На ладони ангела - Доминик Фернандез
Шрифт:
Интервал:
Закладка:
Конец декабря и январь знаменуют вместе с началом астрономического обновления и время самых молодых святых: Иисус — 25 декабря, Невинные младенцы — 28 декабря, Себастьян — 20 января, Иоанн Воитель — 31 января. Смена канувшего года годом новым, изгнание отцов сыновьями: христианский ритуал просто воспроизводит тайну солнечного цикла и природы, которая истощается, дабы оплодотвориться вновь. В германских и англосаксонских странах, хоть и менее языческих, нежели Италия, ясли Христа тем не менее отлично уживаются с рождественской бородой Деда Мороза.
Вы, Дженнарьелло, у себя в Кампании, особенно чувствительны к символическим бракам своих святых. В Граньяно накануне праздника безбородого Себастьяна вы почитаете крестным ходом Кателло, опирающегося на свою трость. В тот же самый момент моряки в Вико Эквенсе выносят из храма к морю, в надежде завоевать его благосклонность, образ престарелого Чиро в мантии с капюшоном и полуобнаженную статую юного Иоанна Воителя.
В Неаполе, в ночь 31 декабря, вы выбрасываете из окна старые вещи. В бытовой жизни отжившее свой срок тоже должно уступать место молодому. Треснувшие тарелки, проломанные стулья, покосившиеся шкафы: все летит на землю через окно. Прохожим нужно держать ухо востро, чтобы их не пришибло сотнями падающих сундуков и кресел, которые без оглядки выкидывают с самых высоких этажей. Обычай, о котором часто пишут — но понимают ли смысл? Дерево, использованное для производства мебели, возвращается к земле, в которой оно когда-то пустило свои корни. Потрескавшиеся фаянсовые тарелки возвращаются в землю, из которой гончар добыл сырье для своей работы.

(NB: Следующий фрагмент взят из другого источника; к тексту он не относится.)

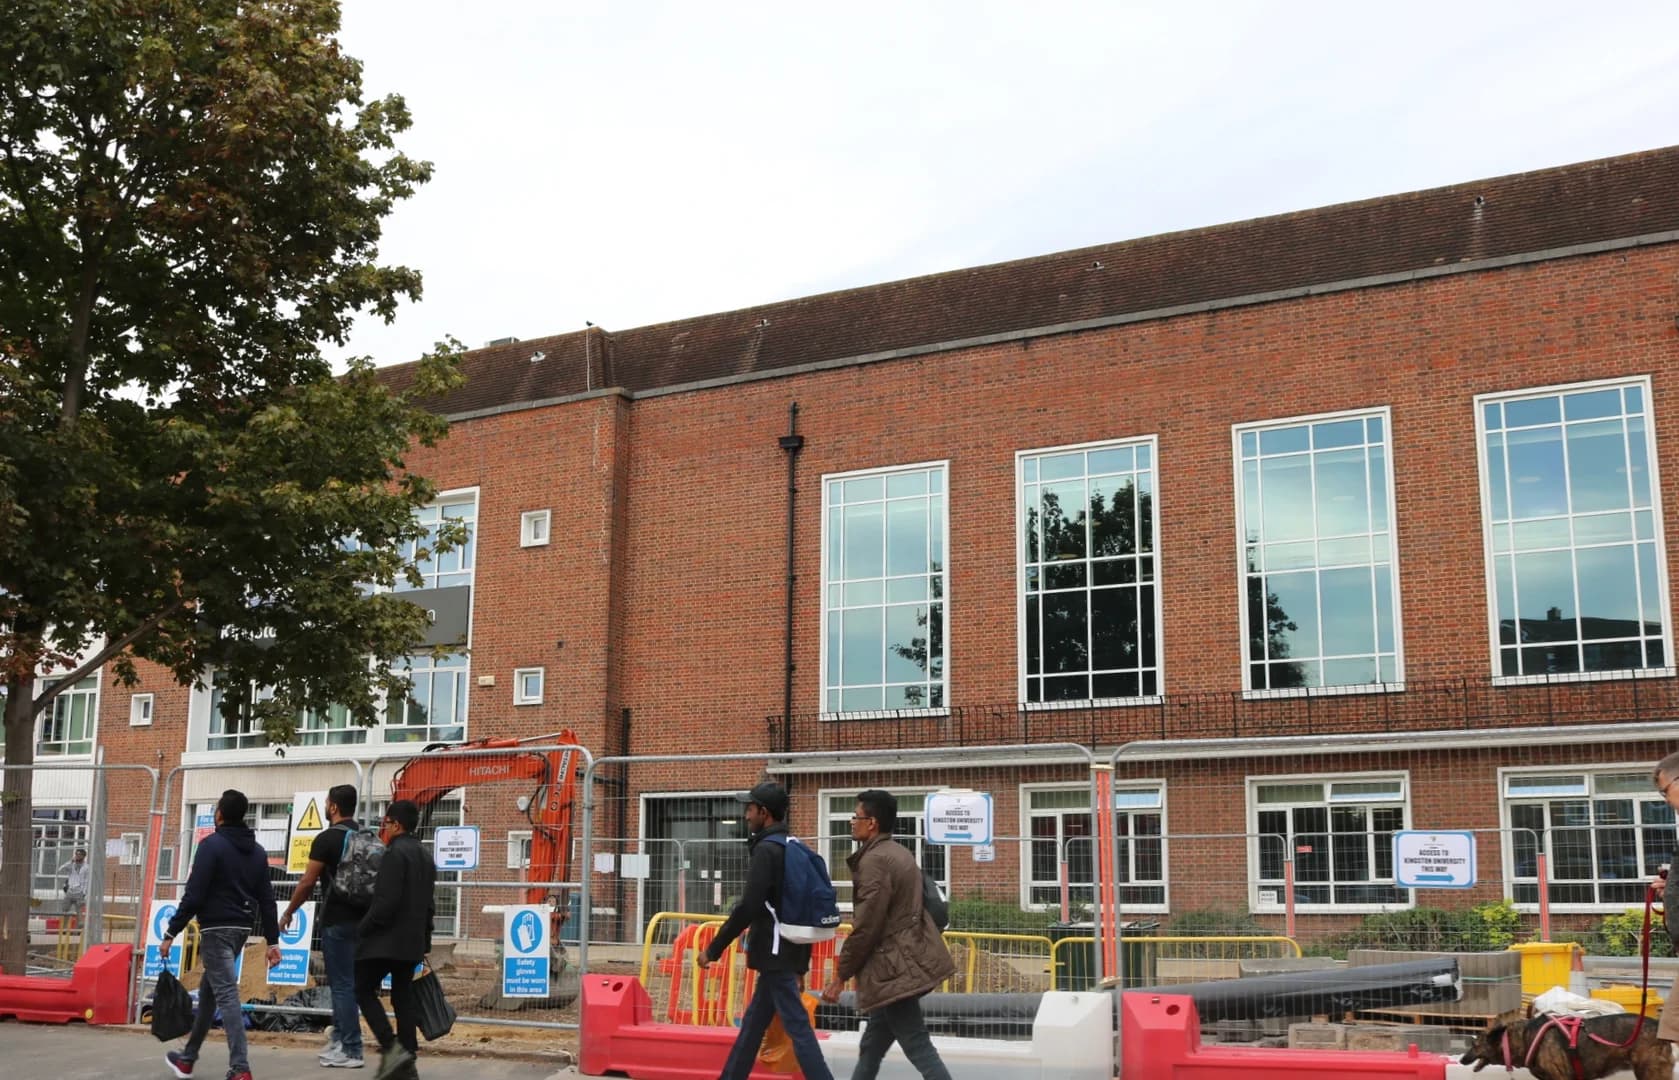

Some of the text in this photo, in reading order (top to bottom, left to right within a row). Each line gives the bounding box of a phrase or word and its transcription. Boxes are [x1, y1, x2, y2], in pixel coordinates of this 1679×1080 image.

[469, 765, 510, 776] HITACHI
[516, 959, 536, 967] Safety
[515, 968, 537, 976] gloves
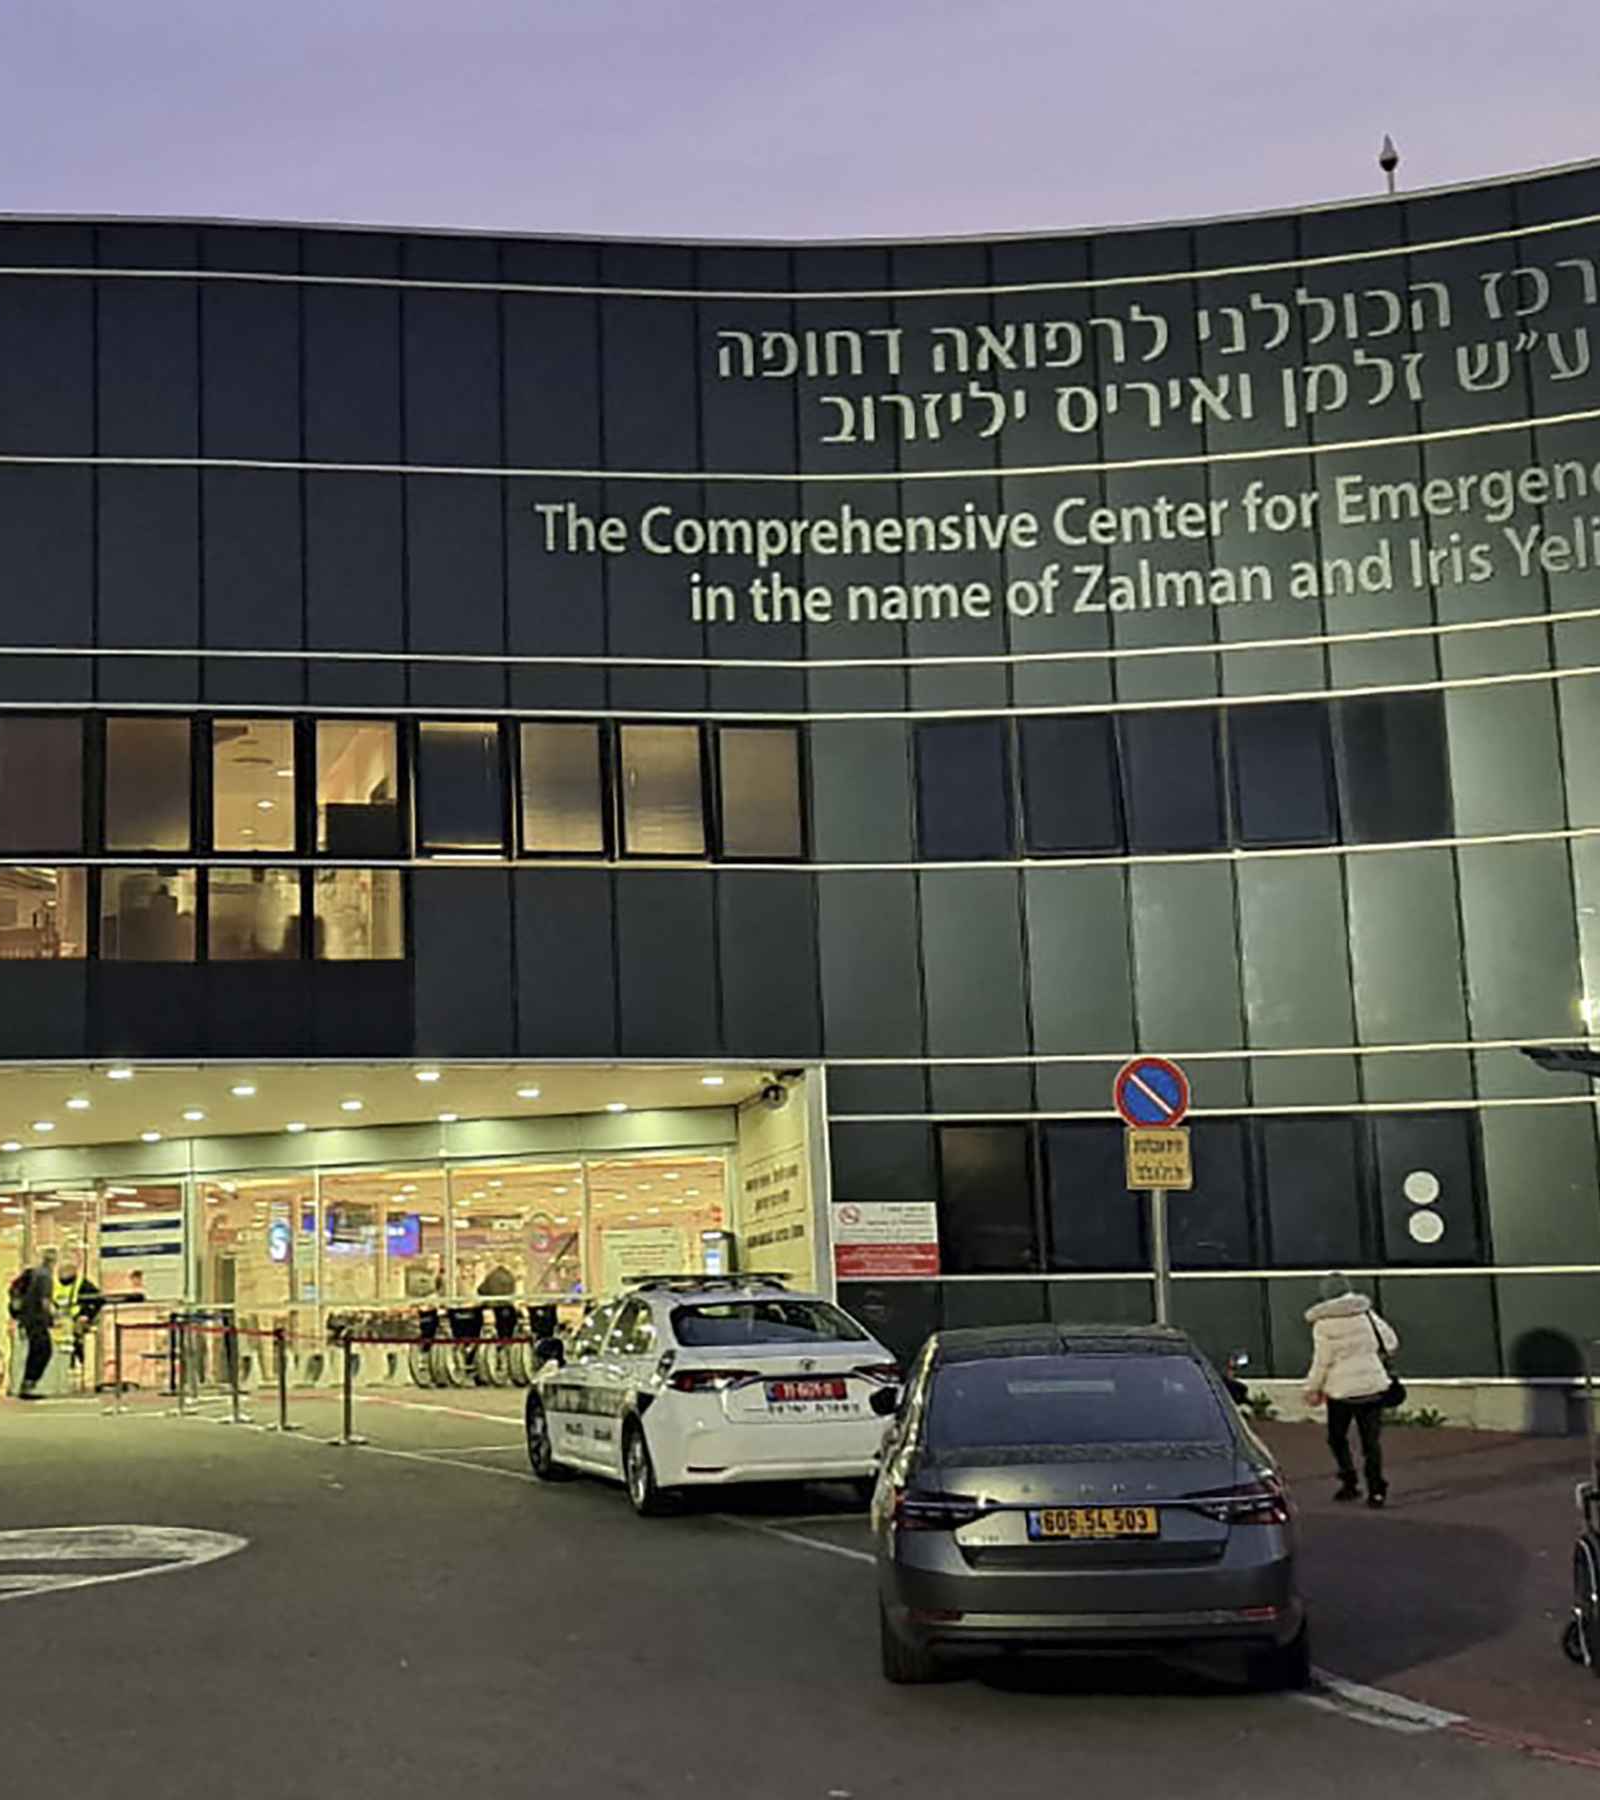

В тот же час, ровно в полночь, взрываются тысячи петард, которые вы изготовляли весь декабрь и которые теперь запускаете в небо. У каждой двери, с каждого балкона взмывают разноцветные снопы, рассыпающиеся сверкающими букетами искр. Движение, обратное паденью, восполняющее его, и оно было порождено отнюдь не буйством детской пиротехнической фантазии, а самой сутью подземной природы. Вспомни о раскаленной лаве и дремлющих вулканах, чье пробуждение по-прежнему наводит ужас на Неаполь. Не так давно от упавшей в охапку стружек спиртовой лампы загорелся грот, который служил какому-то столяру подсобным помещением. Пламя в одно мгновение перекинулось на остальные магазины, обустроенные в склоне Пиццофальконе. Пожарные не смогли справиться с огнем. Распространившись под холмом по тысяче проходов, он до сих пор не утих и, возможно, если не погаснет, присоединится к тому вечному огню, безначальному и бесконечному, что покоится в недрах от бесплодного безмолвия Флегрейских полей до выжженных равнин Помпеи. Вы все в Неаполе живете в интимной близости с невидимым огнем, который постоянно тлеет в рыхлом туфе вашего города. Пуская салют на Святого Сильвестра, вы просто выпускаете его на свободу на одну ночь. Каждое окно становится кратером, имитирующим Везувий. Сверкающая фантасмогория, не имеющая ничего общего с тем живописным сумасшествием, которое приписывают вам иностранцы.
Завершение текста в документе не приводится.